═════ DATA EXTRACTS

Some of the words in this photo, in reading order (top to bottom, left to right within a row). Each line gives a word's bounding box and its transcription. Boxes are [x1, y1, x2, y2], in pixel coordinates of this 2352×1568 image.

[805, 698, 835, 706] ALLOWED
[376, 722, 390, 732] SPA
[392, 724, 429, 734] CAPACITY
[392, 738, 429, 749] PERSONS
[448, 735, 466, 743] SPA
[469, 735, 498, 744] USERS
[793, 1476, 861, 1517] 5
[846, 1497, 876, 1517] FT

══════════

• ABOUT THIS EXERCISE
Could you reproduce every line of the listing exactly?

• EXERCISE ANSWER
Some of the words in this photo, in reading order (top to bottom, left to right within a row). Each line gives a word's bounding box and its transcription. Boxes are [x1, y1, x2, y2], in pixel coordinates of this 2352×1568 image.

[805, 698, 835, 706] ALLOWED
[376, 722, 390, 732] SPA
[392, 724, 429, 734] CAPACITY
[392, 738, 429, 749] PERSONS
[448, 735, 466, 743] SPA
[469, 735, 498, 744] USERS
[793, 1476, 861, 1517] 5
[846, 1497, 876, 1517] FT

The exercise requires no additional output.